<<<<

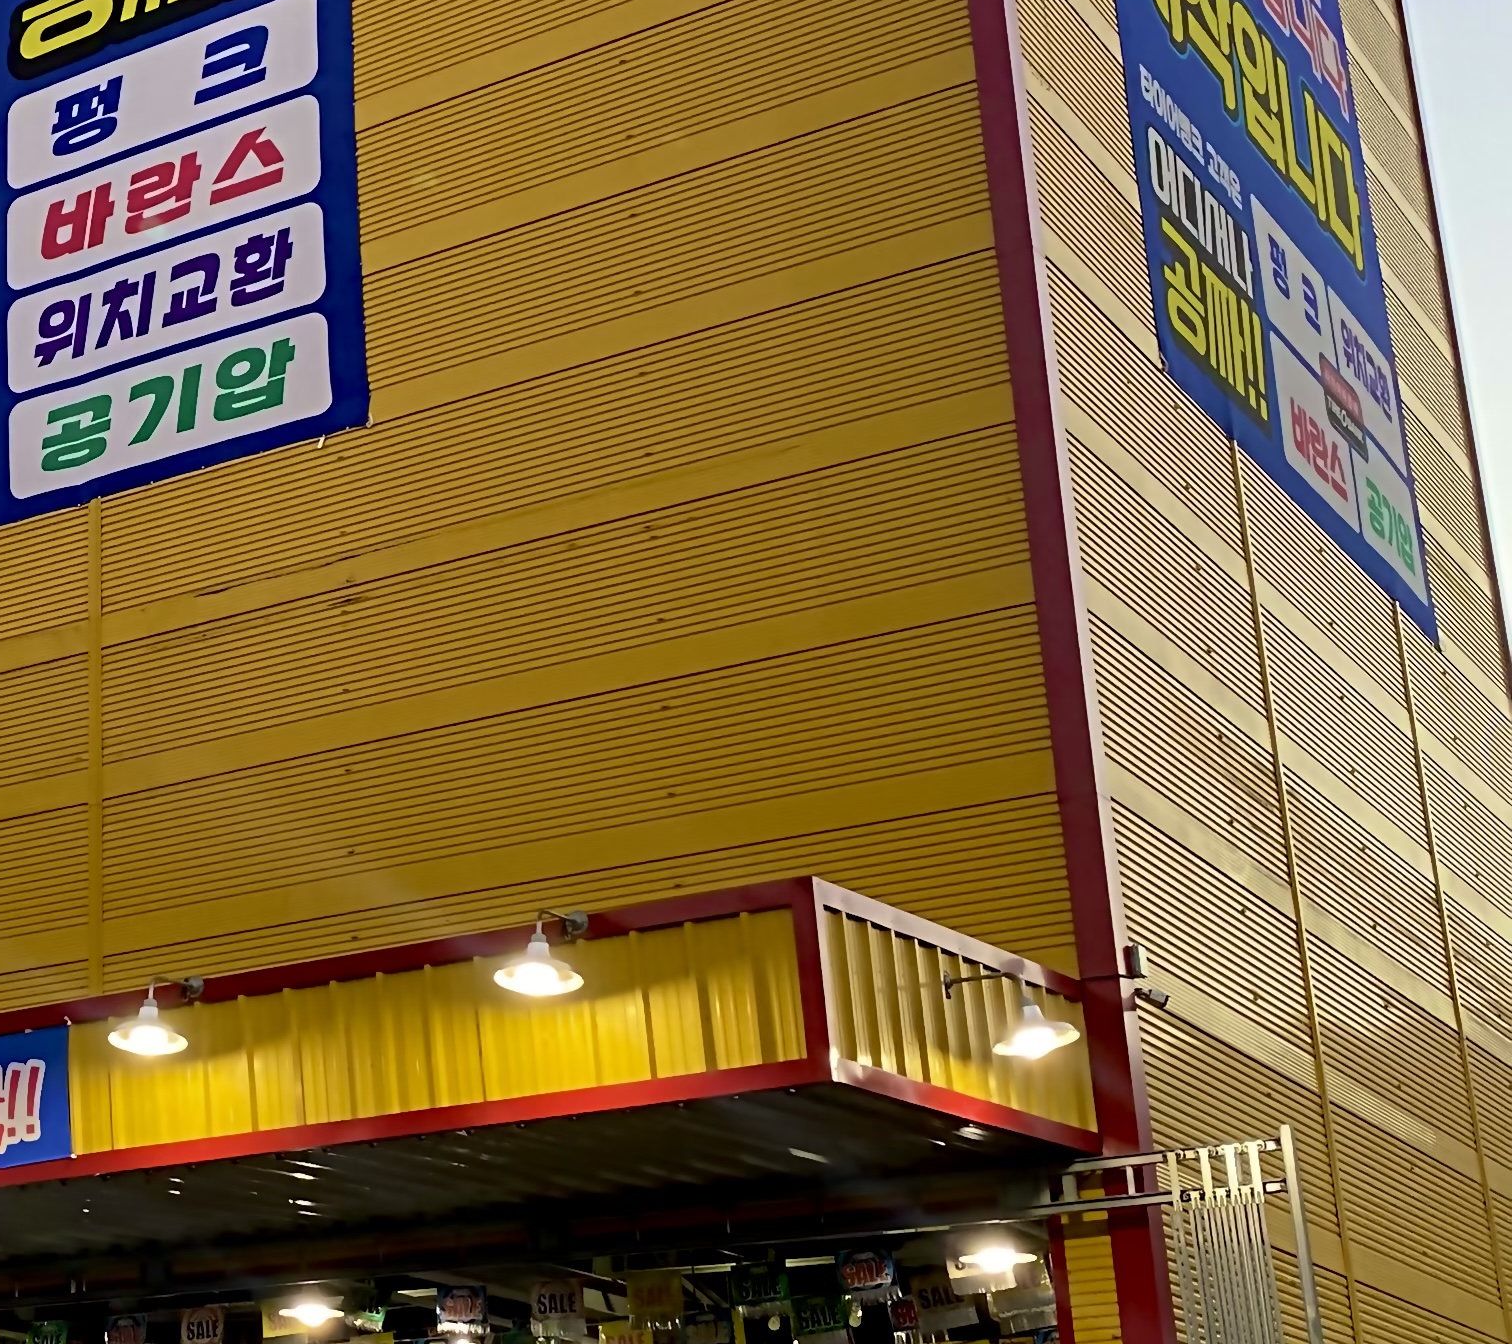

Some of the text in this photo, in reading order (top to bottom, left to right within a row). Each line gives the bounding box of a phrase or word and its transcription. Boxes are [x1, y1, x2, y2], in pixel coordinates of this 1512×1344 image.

[1139, 63, 1205, 167] 타이어뱅크
[40, 126, 285, 260] 바란스
[34, 226, 294, 368] 위치교환
[40, 337, 296, 472] 공기압
[1340, 318, 1393, 424] 위치교환
[1289, 395, 1348, 503] 바란스
[1364, 475, 1416, 577] 공기압
[187, 1319, 219, 1341] SALE
[538, 1293, 577, 1315] SALE

>>>>

Give the listing again word for word. Skip any pictures.

**Reply to the exercise:**
Some of the text in this photo, in reading order (top to bottom, left to right within a row). Each line gives the bounding box of a phrase or word and its transcription. Boxes are [x1, y1, x2, y2], in pixel coordinates of this 1512×1344 image.

[1139, 63, 1205, 167] 타이어뱅크
[40, 126, 285, 260] 바란스
[34, 226, 294, 368] 위치교환
[40, 337, 296, 472] 공기압
[1340, 318, 1393, 424] 위치교환
[1289, 395, 1348, 503] 바란스
[1364, 475, 1416, 577] 공기압
[187, 1319, 219, 1341] SALE
[538, 1293, 577, 1315] SALE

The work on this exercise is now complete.